[[ Recorded data open ]]
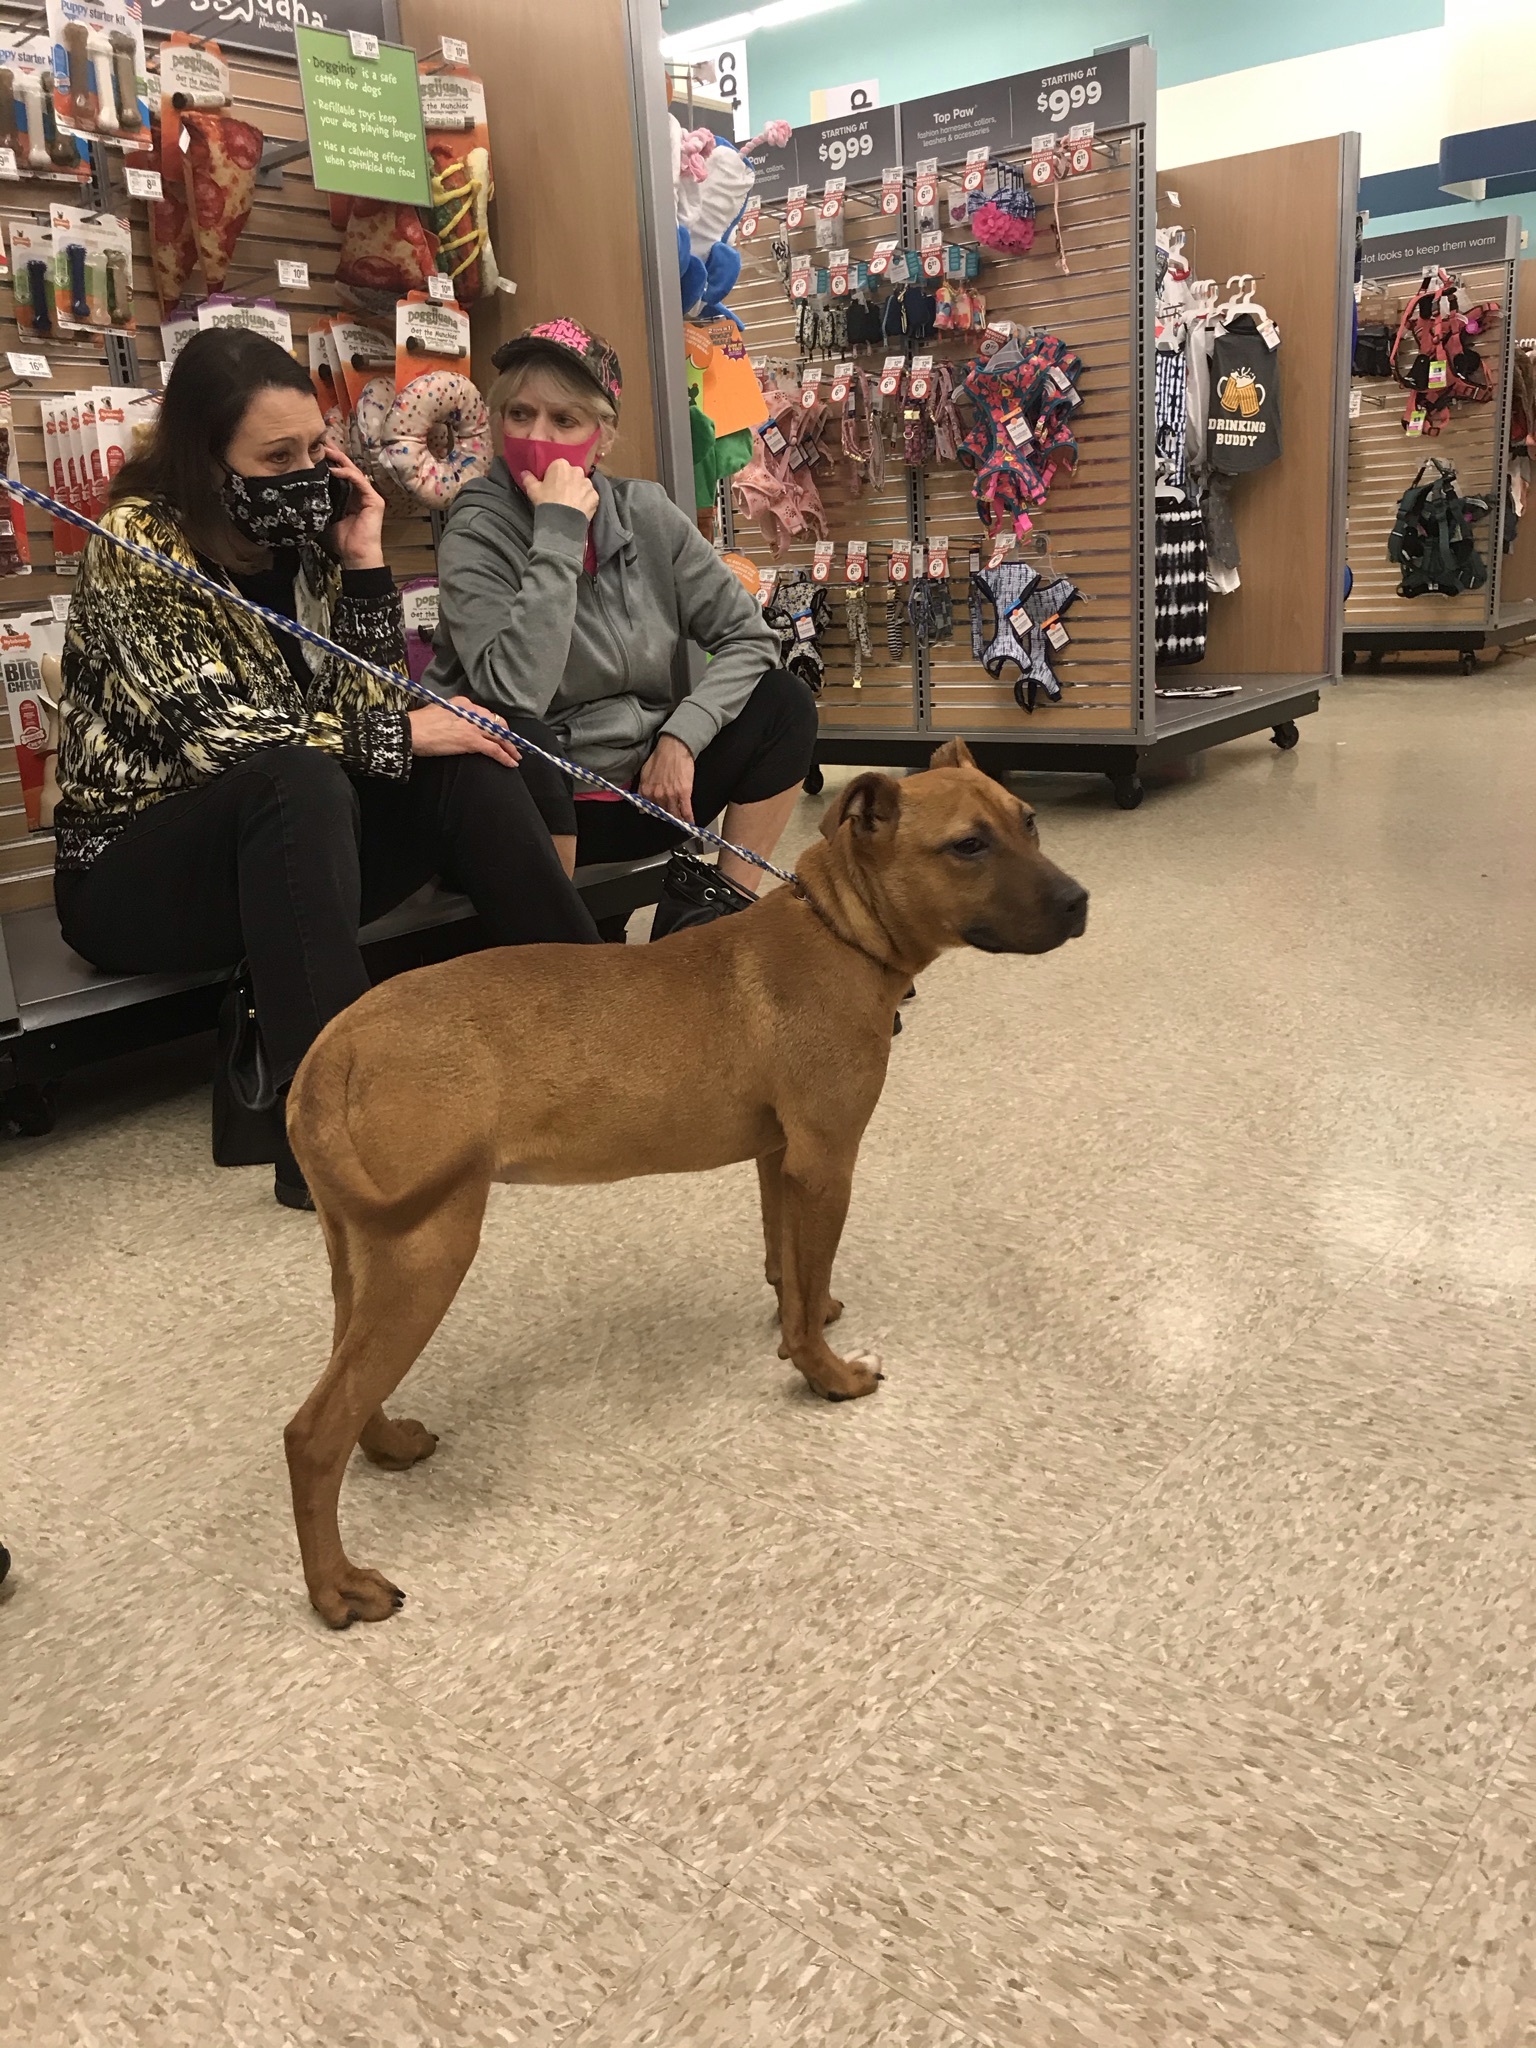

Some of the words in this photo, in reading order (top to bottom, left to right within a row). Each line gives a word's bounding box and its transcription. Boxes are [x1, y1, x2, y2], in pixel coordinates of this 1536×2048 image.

[61, 1, 88, 16] puppy
[89, 8, 114, 22] starter
[115, 13, 126, 26] kit
[0, 49, 16, 60] ppy
[18, 51, 46, 64] starter
[361, 67, 369, 79] is
[372, 72, 377, 80] a
[380, 73, 398, 84] safe
[718, 51, 742, 110] cat
[1041, 69, 1085, 88] STARTING
[1086, 66, 1098, 77] AT
[315, 74, 341, 89] catnip
[345, 79, 358, 91] for
[362, 82, 382, 98] dogs
[318, 99, 355, 116] Refillable
[358, 109, 376, 121] toys
[378, 111, 397, 126] keep
[427, 102, 438, 110] the
[440, 102, 469, 110] Munchies
[933, 111, 951, 125] Top
[320, 116, 339, 127] your
[342, 118, 358, 133] dog
[360, 122, 389, 139] playing
[392, 128, 417, 142] longer
[821, 123, 857, 140] STARTING
[859, 121, 869, 131] AT
[917, 127, 939, 140] fashion
[940, 120, 973, 135] harnesses,
[922, 135, 946, 147] leashes
[947, 134, 953, 142] &
[954, 127, 990, 141] accessories
[323, 141, 338, 152] Has
[341, 145, 346, 153] a
[348, 146, 379, 162] calming
[382, 151, 406, 165] effect
[325, 155, 345, 166] when
[348, 160, 383, 174] sprinkled
[385, 167, 395, 175] on
[398, 167, 416, 179] food
[1377, 250, 1402, 262] looks
[1405, 248, 1414, 257] to
[1416, 244, 1440, 256] keep
[1442, 241, 1467, 252] them
[408, 307, 458, 329] Doggijuana
[411, 327, 422, 336] Get
[435, 331, 458, 340] Munchies
[1208, 418, 1266, 433] DRINKING
[1216, 433, 1258, 447] BUDDY
[4, 661, 41, 682] BIG
[8, 679, 42, 693] CHEW
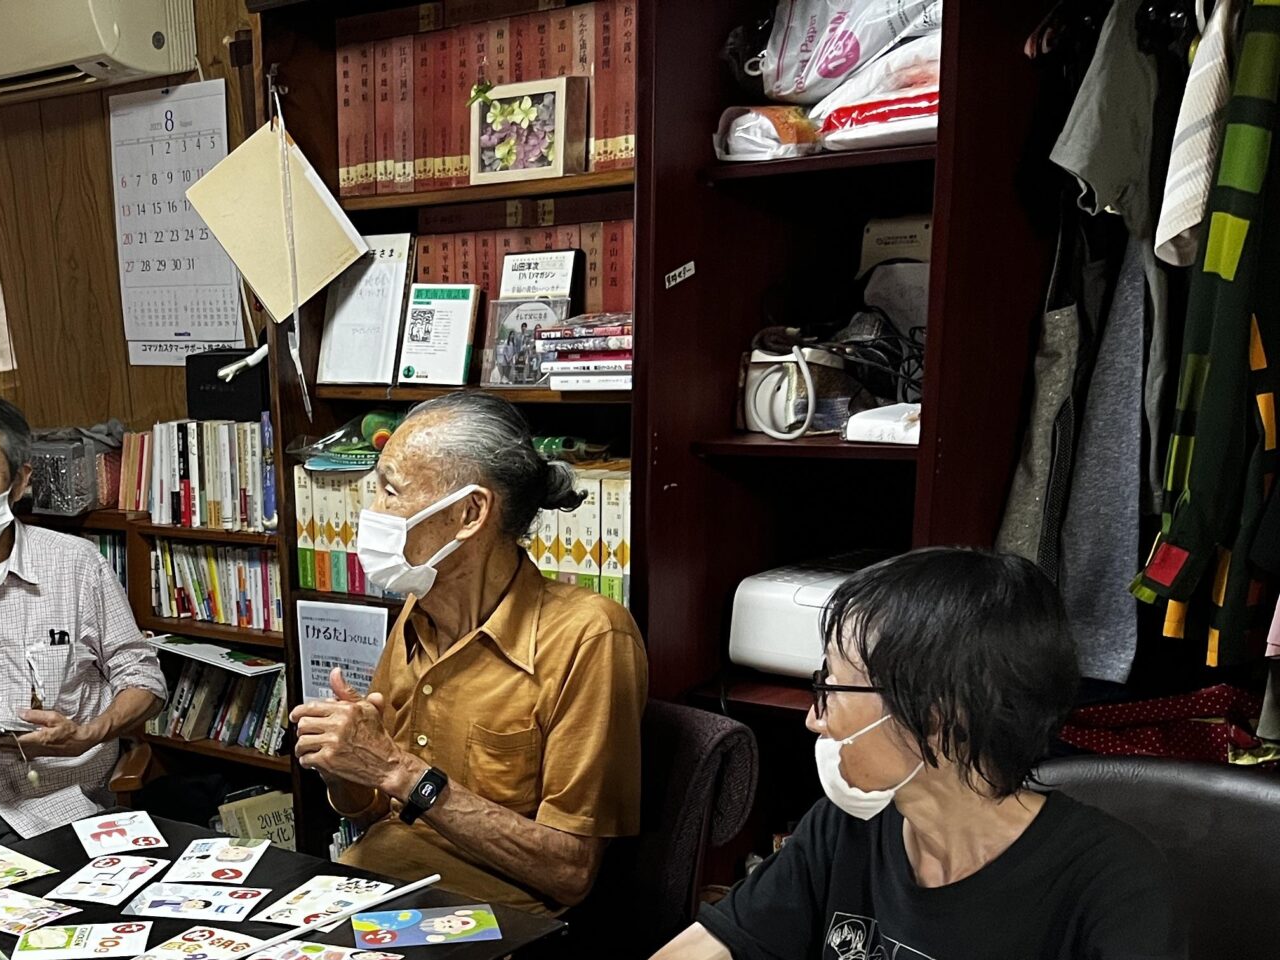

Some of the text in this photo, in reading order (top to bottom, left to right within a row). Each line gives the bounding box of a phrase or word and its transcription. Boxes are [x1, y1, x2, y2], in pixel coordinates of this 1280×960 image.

[800, 14, 817, 53] Paper
[164, 110, 174, 132] 8
[165, 142, 171, 154] 2
[182, 140, 187, 152] 3
[196, 138, 201, 149] 4
[210, 137, 215, 149] 5
[121, 176, 127, 188] 6
[136, 175, 141, 187] 7
[151, 174, 158, 185] 8
[167, 171, 173, 184] 9
[182, 170, 191, 182] 10
[122, 205, 130, 216] 13
[137, 203, 145, 215] 14
[152, 203, 161, 214] 15
[168, 201, 177, 213] 16
[123, 228, 209, 245] 20 21 22 23 24 25
[126, 258, 194, 272] 27 28 29 30 31
[75, 927, 88, 947] CHICKEN
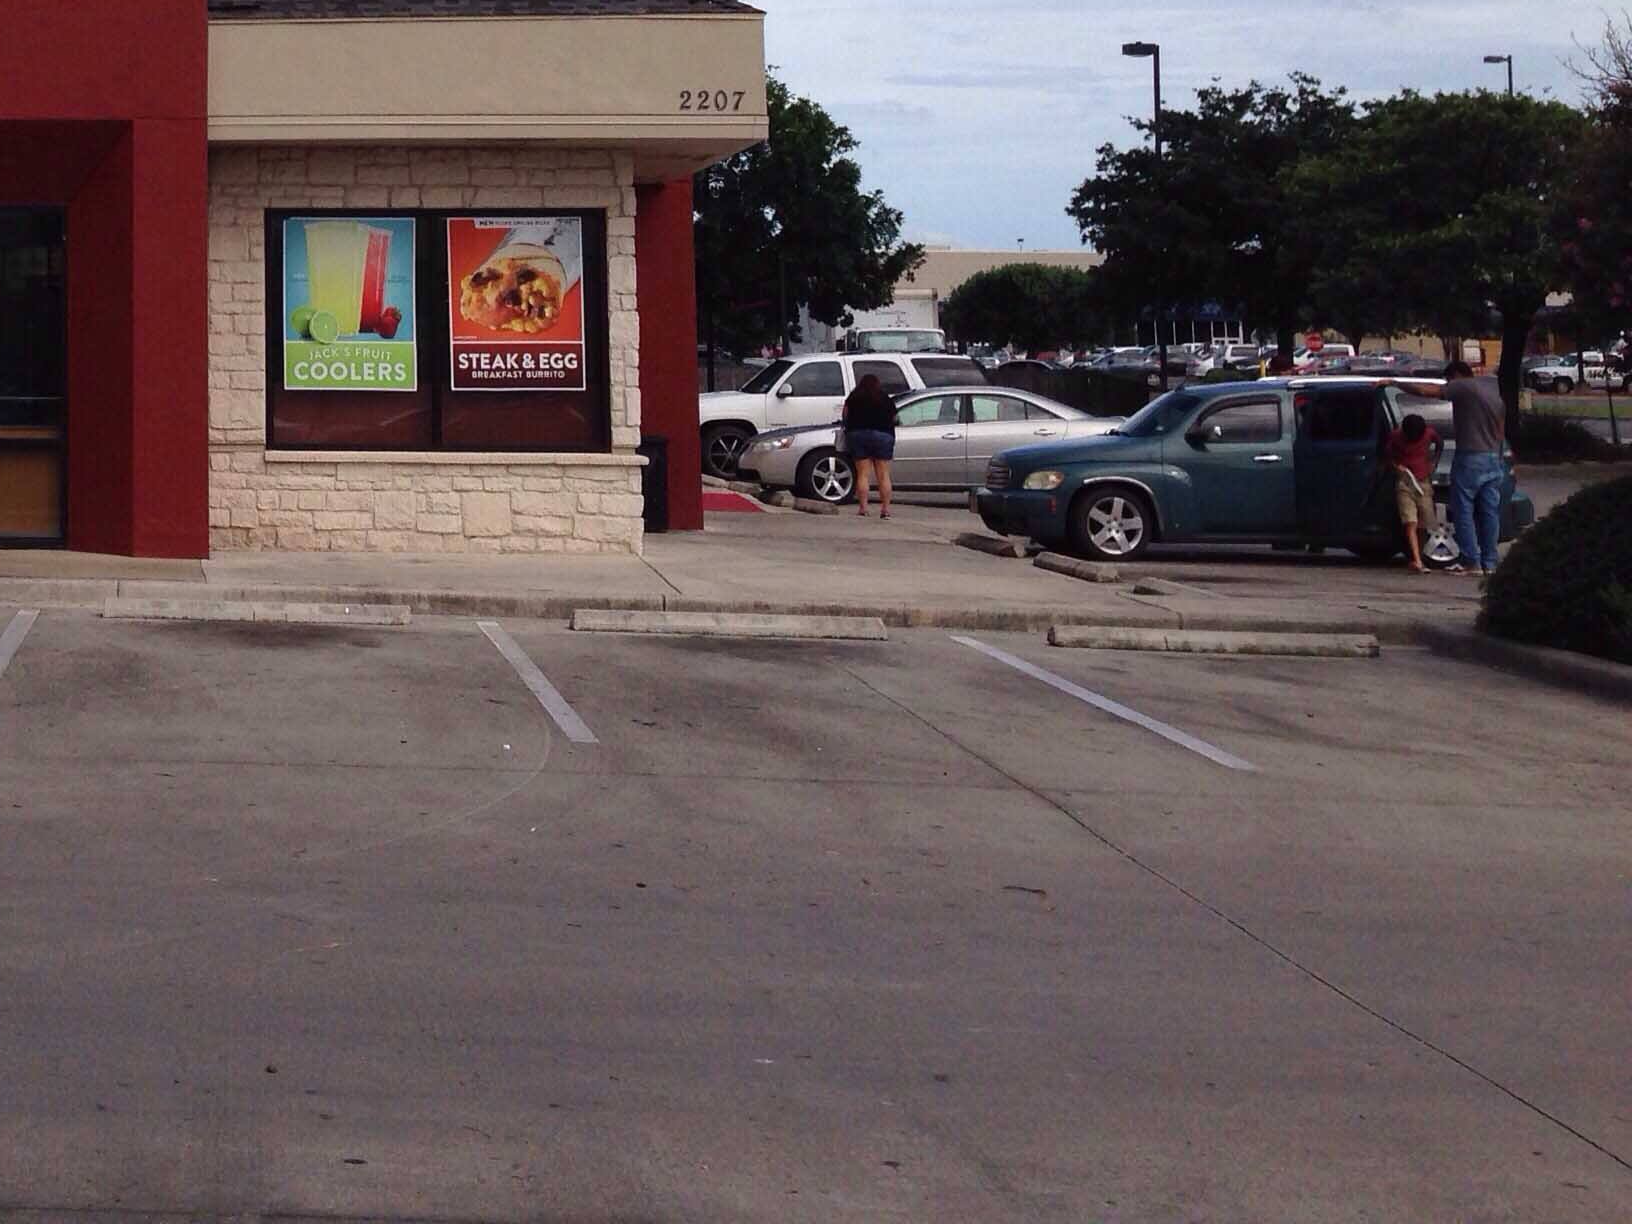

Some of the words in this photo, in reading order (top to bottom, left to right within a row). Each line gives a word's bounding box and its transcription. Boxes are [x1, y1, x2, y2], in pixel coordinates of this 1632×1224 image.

[679, 90, 745, 111] 2207
[355, 346, 393, 361] FRUIT
[458, 353, 520, 369] STEAK
[522, 353, 536, 369] &
[539, 353, 578, 369] EGG
[294, 361, 407, 381] COOLERS
[471, 370, 523, 379] BREAKFAST
[526, 370, 566, 379] BURRITO
[[ Recorded data closed ]]
● Your instructions:
Your copy should hold every record word for word and none of the pictures.

● Answer for this exercise:
Some of the words in this photo, in reading order (top to bottom, left to right within a row). Each line gives a word's bounding box and its transcription. Boxes are [x1, y1, x2, y2], in pixel coordinates of this 1536×2048 image.

[61, 1, 88, 16] puppy
[89, 8, 114, 22] starter
[115, 13, 126, 26] kit
[0, 49, 16, 60] ppy
[18, 51, 46, 64] starter
[361, 67, 369, 79] is
[372, 72, 377, 80] a
[380, 73, 398, 84] safe
[718, 51, 742, 110] cat
[1041, 69, 1085, 88] STARTING
[1086, 66, 1098, 77] AT
[315, 74, 341, 89] catnip
[345, 79, 358, 91] for
[362, 82, 382, 98] dogs
[318, 99, 355, 116] Refillable
[358, 109, 376, 121] toys
[378, 111, 397, 126] keep
[427, 102, 438, 110] the
[440, 102, 469, 110] Munchies
[933, 111, 951, 125] Top
[320, 116, 339, 127] your
[342, 118, 358, 133] dog
[360, 122, 389, 139] playing
[392, 128, 417, 142] longer
[821, 123, 857, 140] STARTING
[859, 121, 869, 131] AT
[917, 127, 939, 140] fashion
[940, 120, 973, 135] harnesses,
[922, 135, 946, 147] leashes
[947, 134, 953, 142] &
[954, 127, 990, 141] accessories
[323, 141, 338, 152] Has
[341, 145, 346, 153] a
[348, 146, 379, 162] calming
[382, 151, 406, 165] effect
[325, 155, 345, 166] when
[348, 160, 383, 174] sprinkled
[385, 167, 395, 175] on
[398, 167, 416, 179] food
[1377, 250, 1402, 262] looks
[1405, 248, 1414, 257] to
[1416, 244, 1440, 256] keep
[1442, 241, 1467, 252] them
[408, 307, 458, 329] Doggijuana
[411, 327, 422, 336] Get
[435, 331, 458, 340] Munchies
[1208, 418, 1266, 433] DRINKING
[1216, 433, 1258, 447] BUDDY
[4, 661, 41, 682] BIG
[8, 679, 42, 693] CHEW

Some of the text in this photo, in reading order (top to bottom, left to right within a row). Each line gives the bounding box of a phrase or word and its transcription. Boxes are [x1, y1, x2, y2], in pixel coordinates of this 1280×960 image.

[800, 14, 817, 53] Paper
[164, 110, 174, 132] 8
[165, 142, 171, 154] 2
[182, 140, 187, 152] 3
[196, 138, 201, 149] 4
[210, 137, 215, 149] 5
[121, 176, 127, 188] 6
[136, 175, 141, 187] 7
[151, 174, 158, 185] 8
[167, 171, 173, 184] 9
[182, 170, 191, 182] 10
[122, 205, 130, 216] 13
[137, 203, 145, 215] 14
[152, 203, 161, 214] 15
[168, 201, 177, 213] 16
[123, 228, 209, 245] 20 21 22 23 24 25
[126, 258, 194, 272] 27 28 29 30 31
[75, 927, 88, 947] CHICKEN

Some of the words in this photo, in reading order (top to bottom, left to right within a row). Each line gives a word's bounding box and its transcription. Boxes are [x1, y1, x2, y2], in pixel coordinates of this 1632×1224 image.

[679, 90, 745, 111] 2207
[355, 346, 393, 361] FRUIT
[458, 353, 520, 369] STEAK
[522, 353, 536, 369] &
[539, 353, 578, 369] EGG
[294, 361, 407, 381] COOLERS
[471, 370, 523, 379] BREAKFAST
[526, 370, 566, 379] BURRITO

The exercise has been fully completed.